Problem to work on – The answer should be a faithful retyping of the records that follow, pictures excluded.

Text-to-region grounding data –
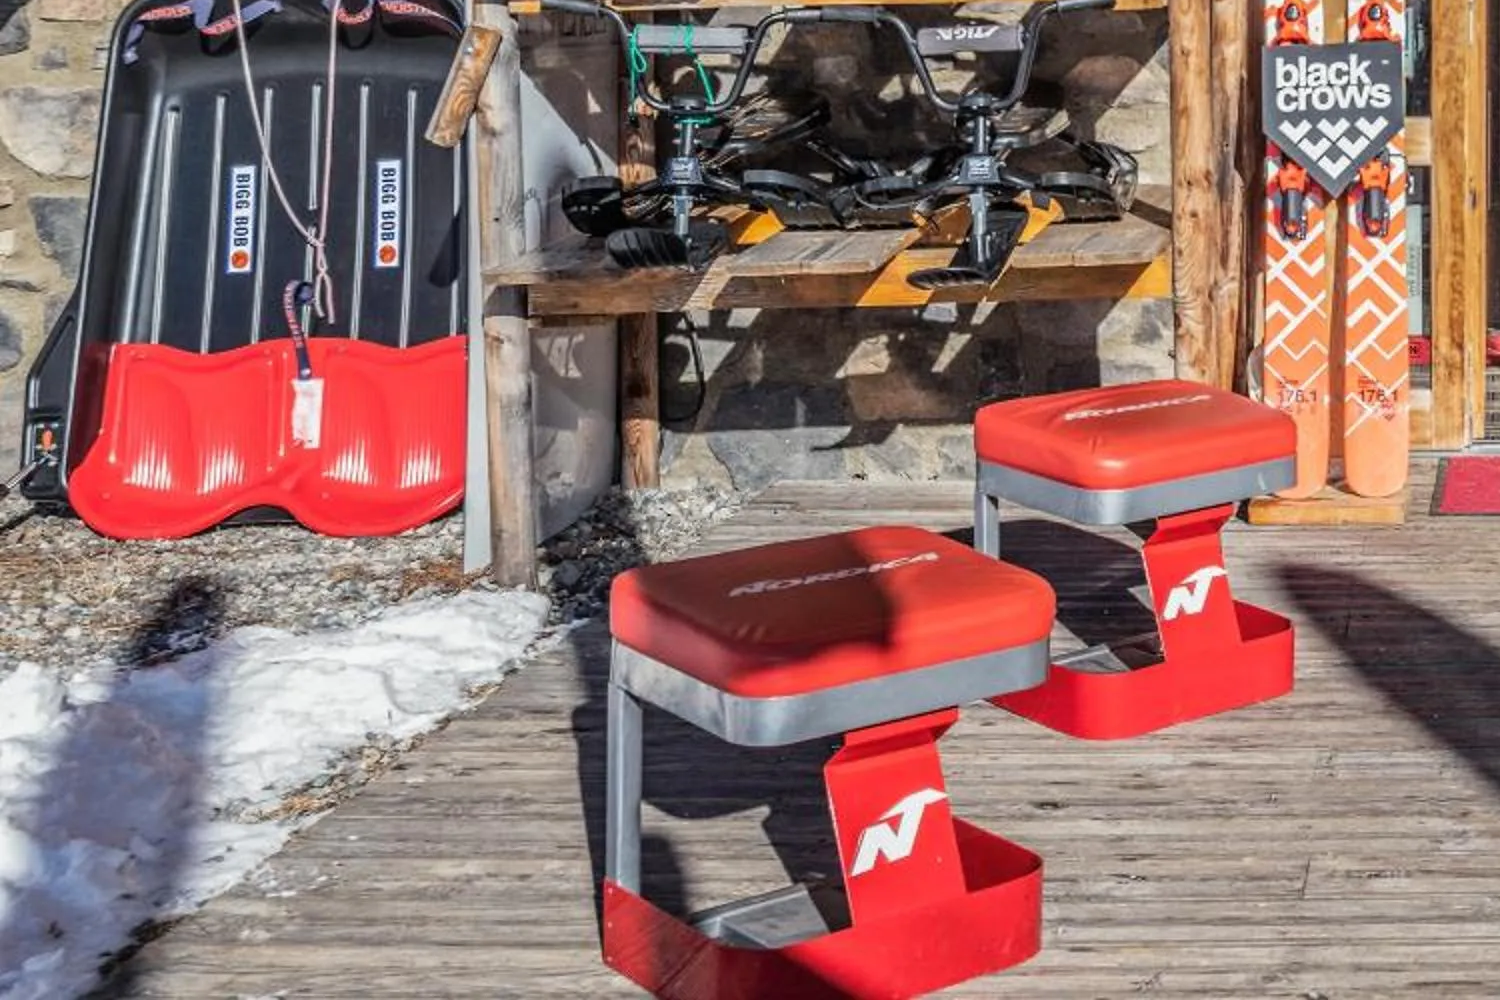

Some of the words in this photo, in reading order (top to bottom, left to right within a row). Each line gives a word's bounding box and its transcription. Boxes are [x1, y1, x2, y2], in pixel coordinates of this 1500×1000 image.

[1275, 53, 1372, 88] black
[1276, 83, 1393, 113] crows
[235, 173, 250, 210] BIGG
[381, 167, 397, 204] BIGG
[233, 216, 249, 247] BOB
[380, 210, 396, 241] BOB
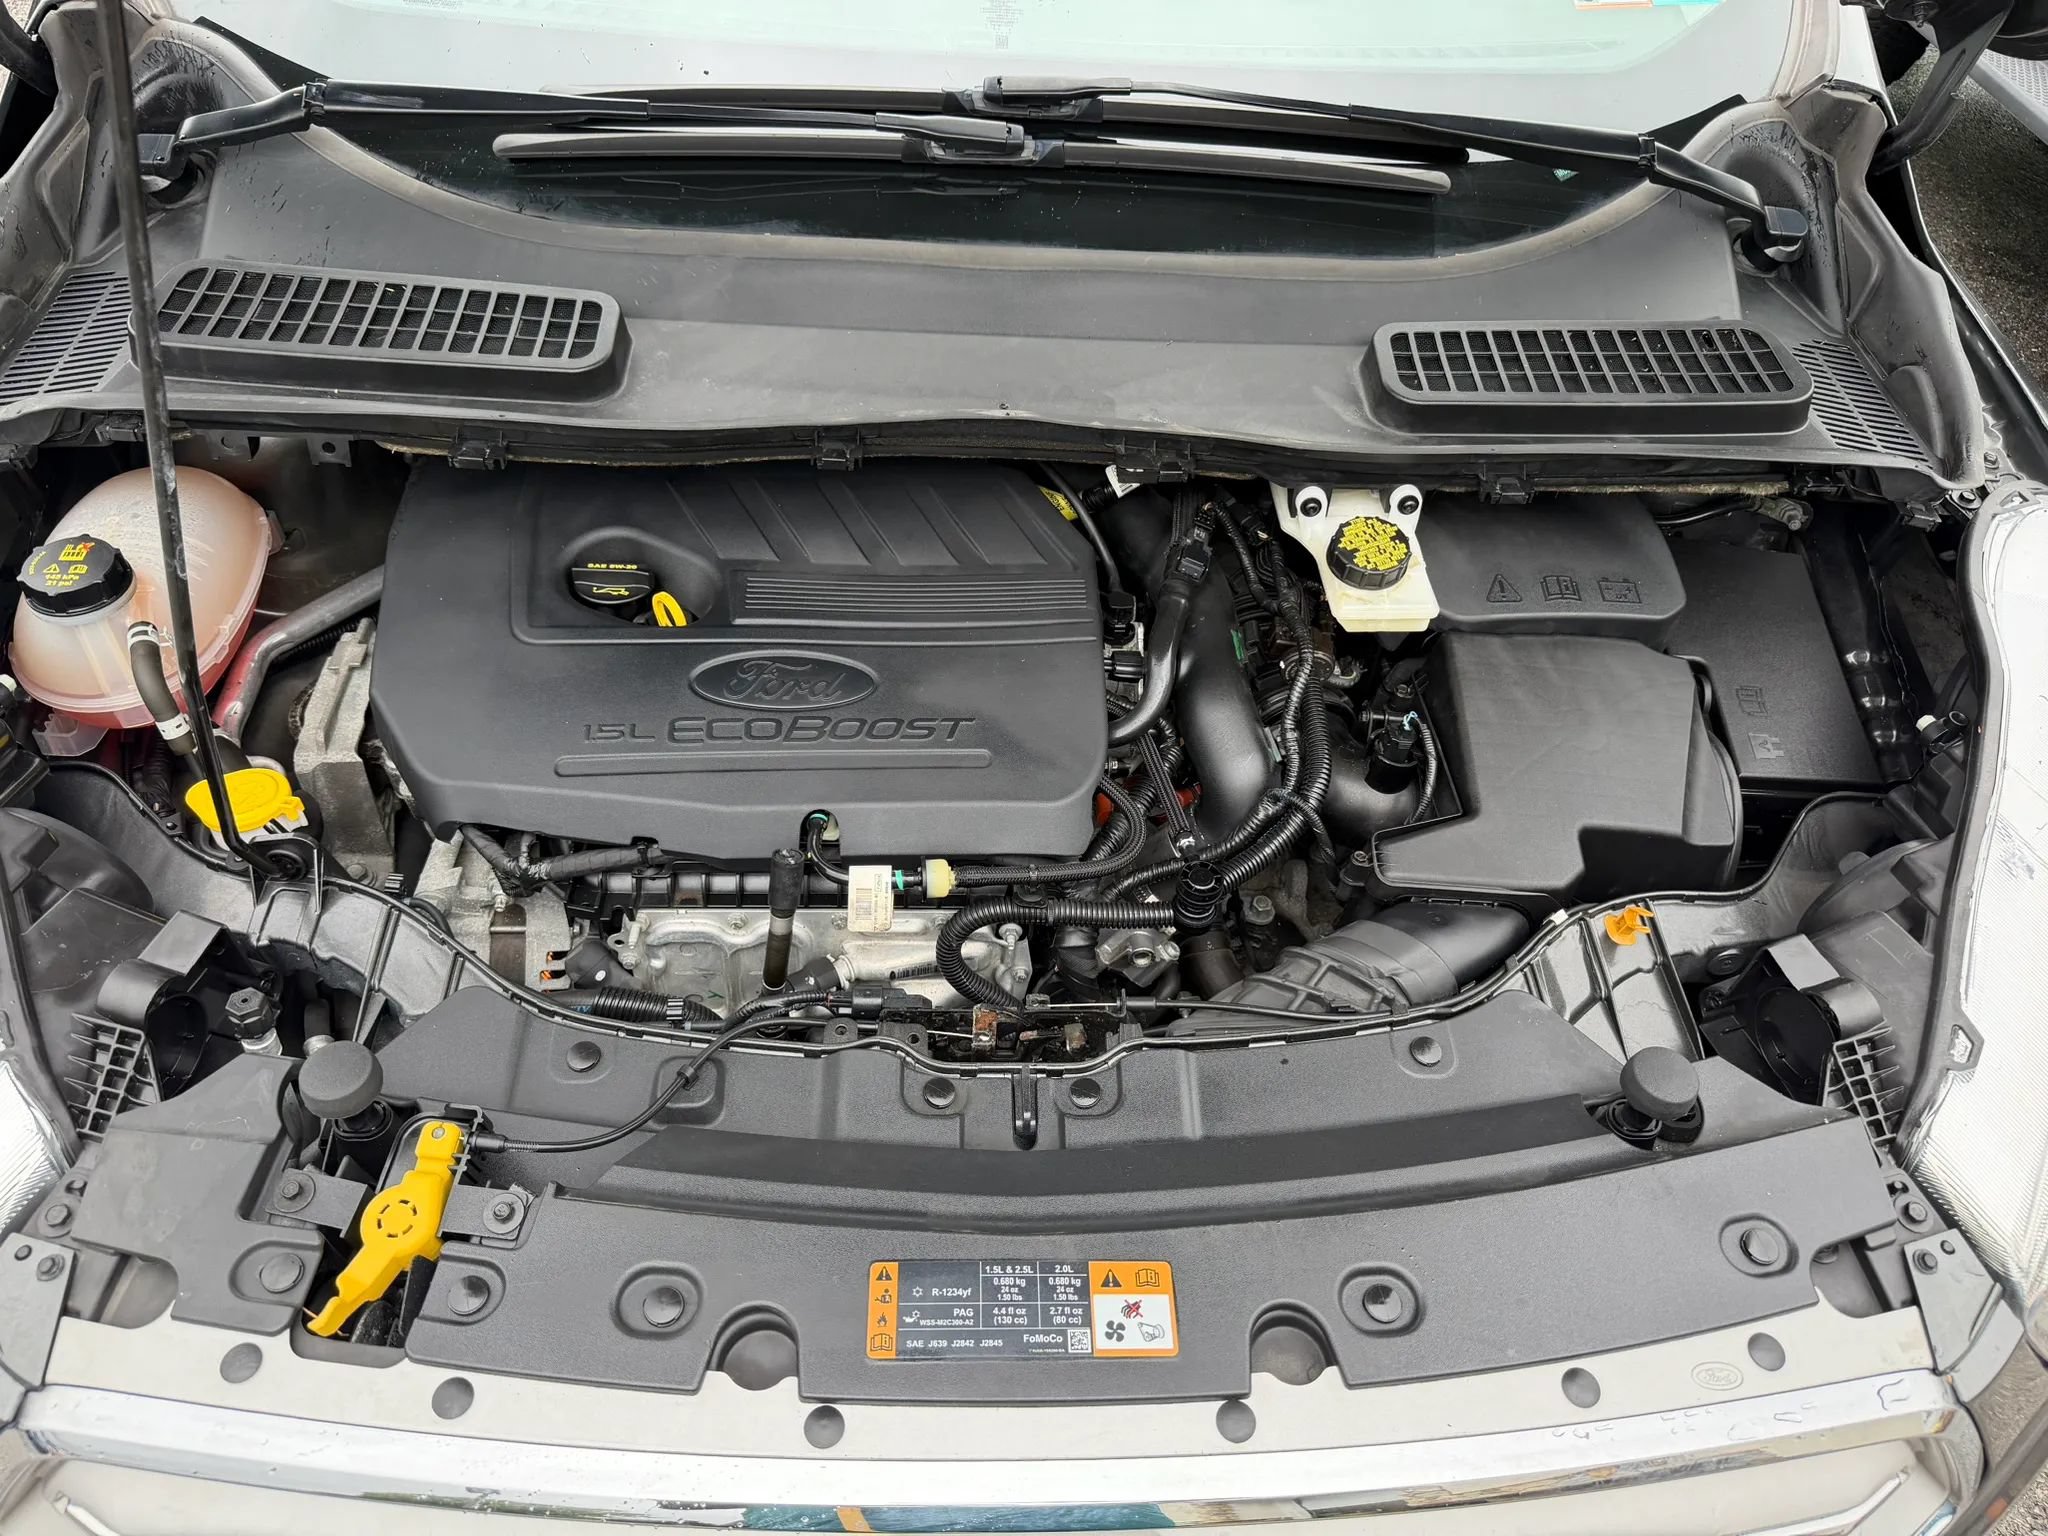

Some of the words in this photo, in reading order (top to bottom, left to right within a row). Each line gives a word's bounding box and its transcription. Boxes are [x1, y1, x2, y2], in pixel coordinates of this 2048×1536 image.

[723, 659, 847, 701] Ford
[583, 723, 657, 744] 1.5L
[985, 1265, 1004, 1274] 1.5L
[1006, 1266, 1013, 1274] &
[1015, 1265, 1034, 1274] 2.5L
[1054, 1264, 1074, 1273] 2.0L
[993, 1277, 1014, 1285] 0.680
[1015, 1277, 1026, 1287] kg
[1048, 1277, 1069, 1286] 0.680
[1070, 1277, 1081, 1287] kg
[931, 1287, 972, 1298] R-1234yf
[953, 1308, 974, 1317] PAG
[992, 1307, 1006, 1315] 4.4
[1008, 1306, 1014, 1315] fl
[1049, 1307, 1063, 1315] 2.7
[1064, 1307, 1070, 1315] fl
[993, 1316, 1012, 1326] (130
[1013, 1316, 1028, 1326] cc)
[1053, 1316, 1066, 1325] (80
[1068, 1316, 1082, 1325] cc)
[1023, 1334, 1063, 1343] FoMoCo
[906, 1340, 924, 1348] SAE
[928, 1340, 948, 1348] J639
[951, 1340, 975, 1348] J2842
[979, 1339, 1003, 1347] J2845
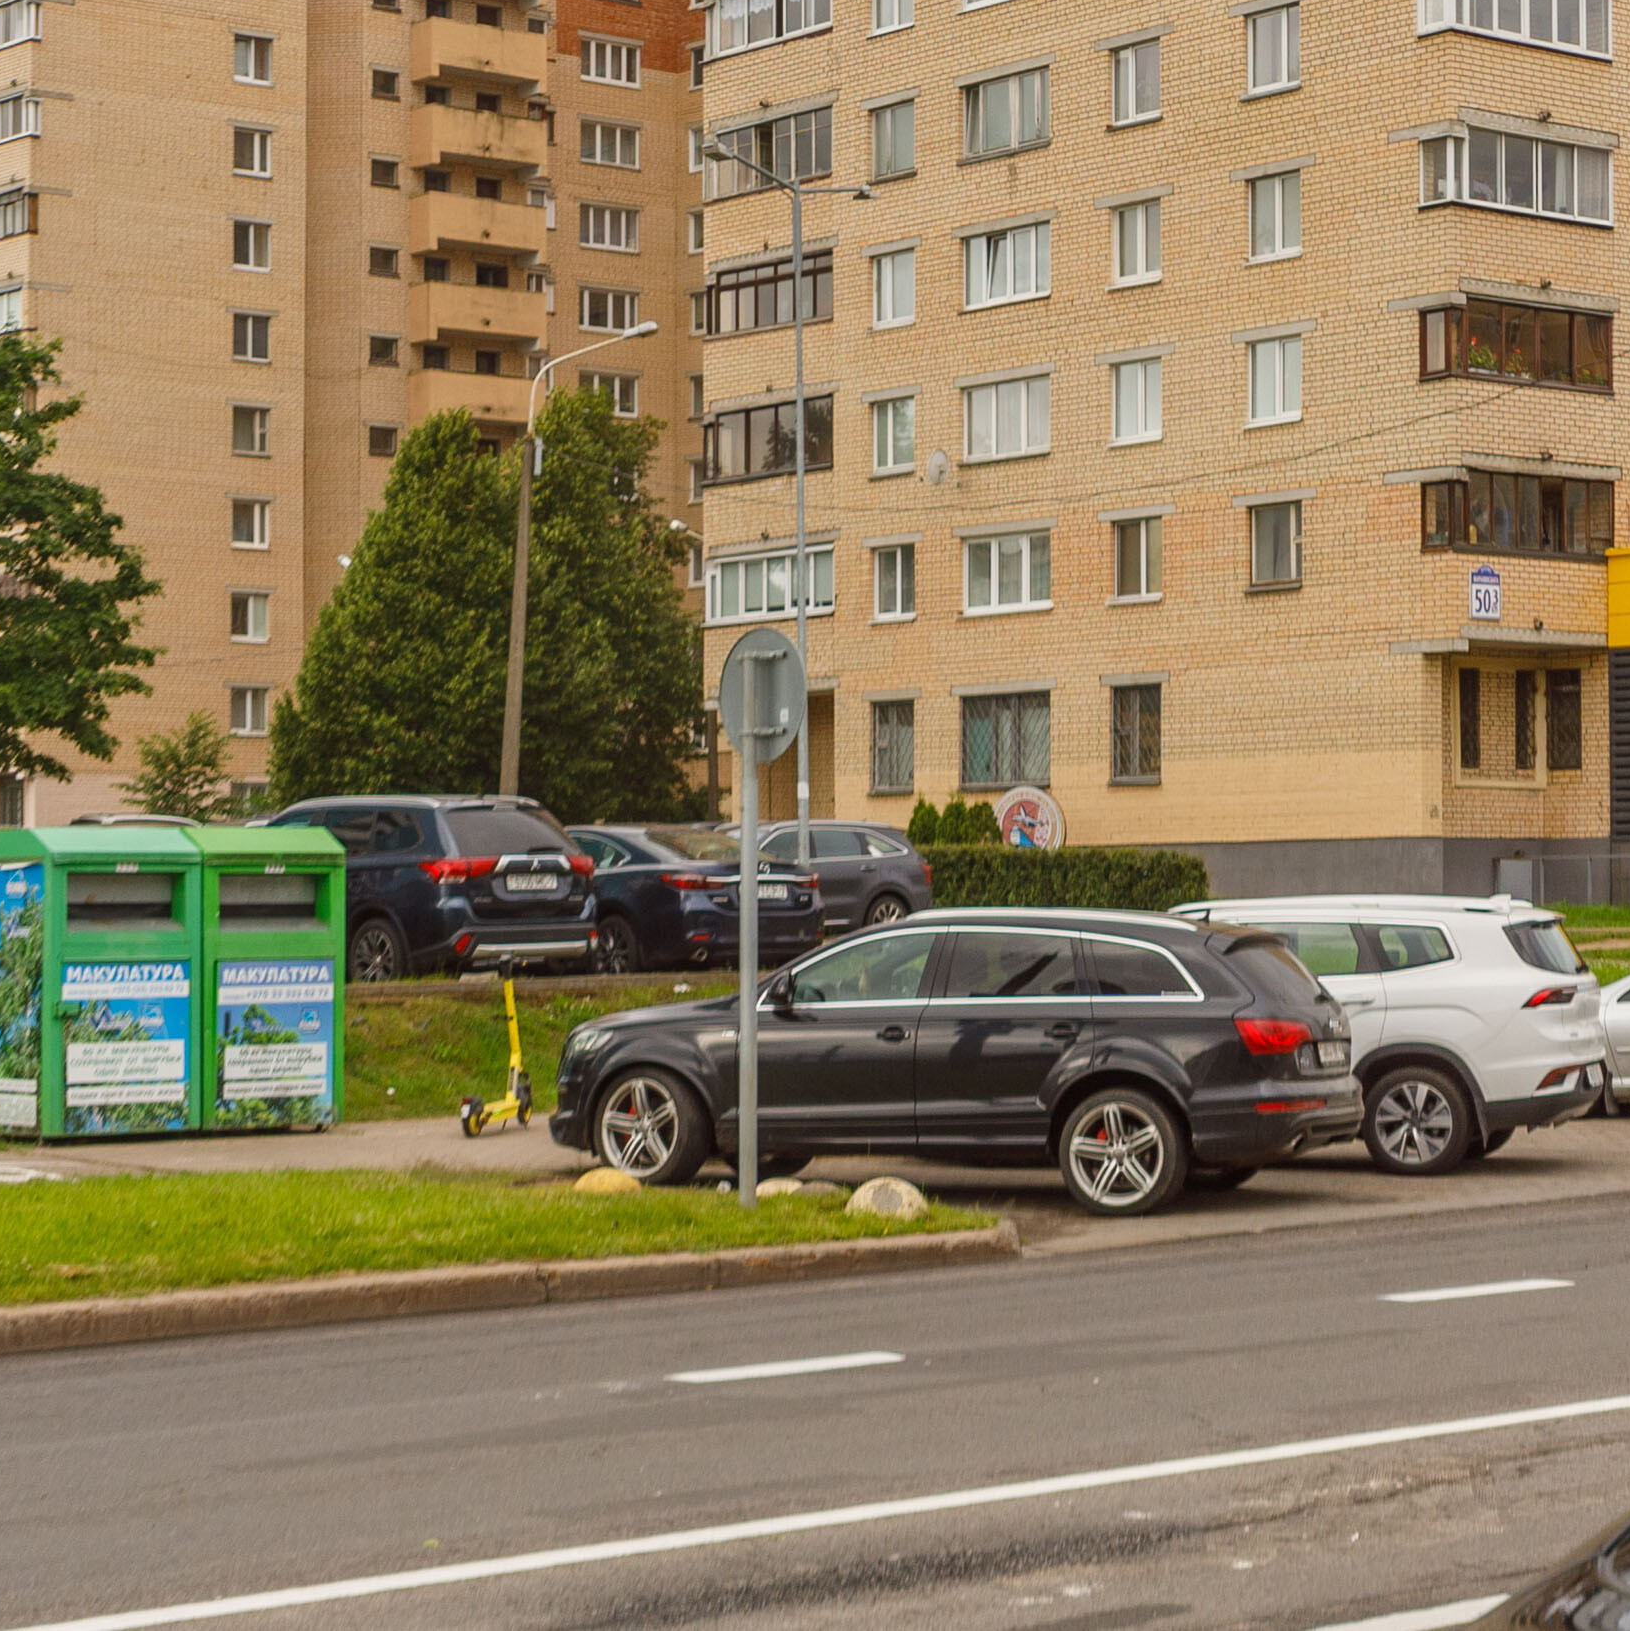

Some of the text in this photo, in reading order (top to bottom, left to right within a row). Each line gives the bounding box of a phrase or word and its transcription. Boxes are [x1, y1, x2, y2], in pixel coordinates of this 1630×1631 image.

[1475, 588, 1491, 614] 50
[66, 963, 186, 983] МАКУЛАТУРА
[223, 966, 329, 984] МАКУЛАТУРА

Exercise answer –
Some of the words in this photo, in reading order (top to bottom, left to right within a row). Each line gives a word's bounding box and its transcription. Boxes are [x1, y1, x2, y2], in pixel coordinates of this 1500×1000 image.

[1275, 53, 1372, 88] black
[1276, 83, 1393, 113] crows
[235, 173, 250, 210] BIGG
[381, 167, 397, 204] BIGG
[233, 216, 249, 247] BOB
[380, 210, 396, 241] BOB

Some of the words in this photo, in reading order (top to bottom, left to right within a row). Each line gives a word's bounding box and its transcription. Boxes are [x1, y1, x2, y2], in pixel coordinates of this 2048×1536 image.

[723, 659, 847, 701] Ford
[583, 723, 657, 744] 1.5L
[985, 1265, 1004, 1274] 1.5L
[1006, 1266, 1013, 1274] &
[1015, 1265, 1034, 1274] 2.5L
[1054, 1264, 1074, 1273] 2.0L
[993, 1277, 1014, 1285] 0.680
[1015, 1277, 1026, 1287] kg
[1048, 1277, 1069, 1286] 0.680
[1070, 1277, 1081, 1287] kg
[931, 1287, 972, 1298] R-1234yf
[953, 1308, 974, 1317] PAG
[992, 1307, 1006, 1315] 4.4
[1008, 1306, 1014, 1315] fl
[1049, 1307, 1063, 1315] 2.7
[1064, 1307, 1070, 1315] fl
[993, 1316, 1012, 1326] (130
[1013, 1316, 1028, 1326] cc)
[1053, 1316, 1066, 1325] (80
[1068, 1316, 1082, 1325] cc)
[1023, 1334, 1063, 1343] FoMoCo
[906, 1340, 924, 1348] SAE
[928, 1340, 948, 1348] J639
[951, 1340, 975, 1348] J2842
[979, 1339, 1003, 1347] J2845

Some of the text in this photo, in reading order (top to bottom, left to right within a row). Each line gives the bounding box of a phrase or word and its transcription. Boxes are [x1, y1, x2, y2], in pixel coordinates of this 1630×1631 image.

[1475, 588, 1491, 614] 50
[66, 963, 186, 983] МАКУЛАТУРА
[223, 966, 329, 984] МАКУЛАТУРА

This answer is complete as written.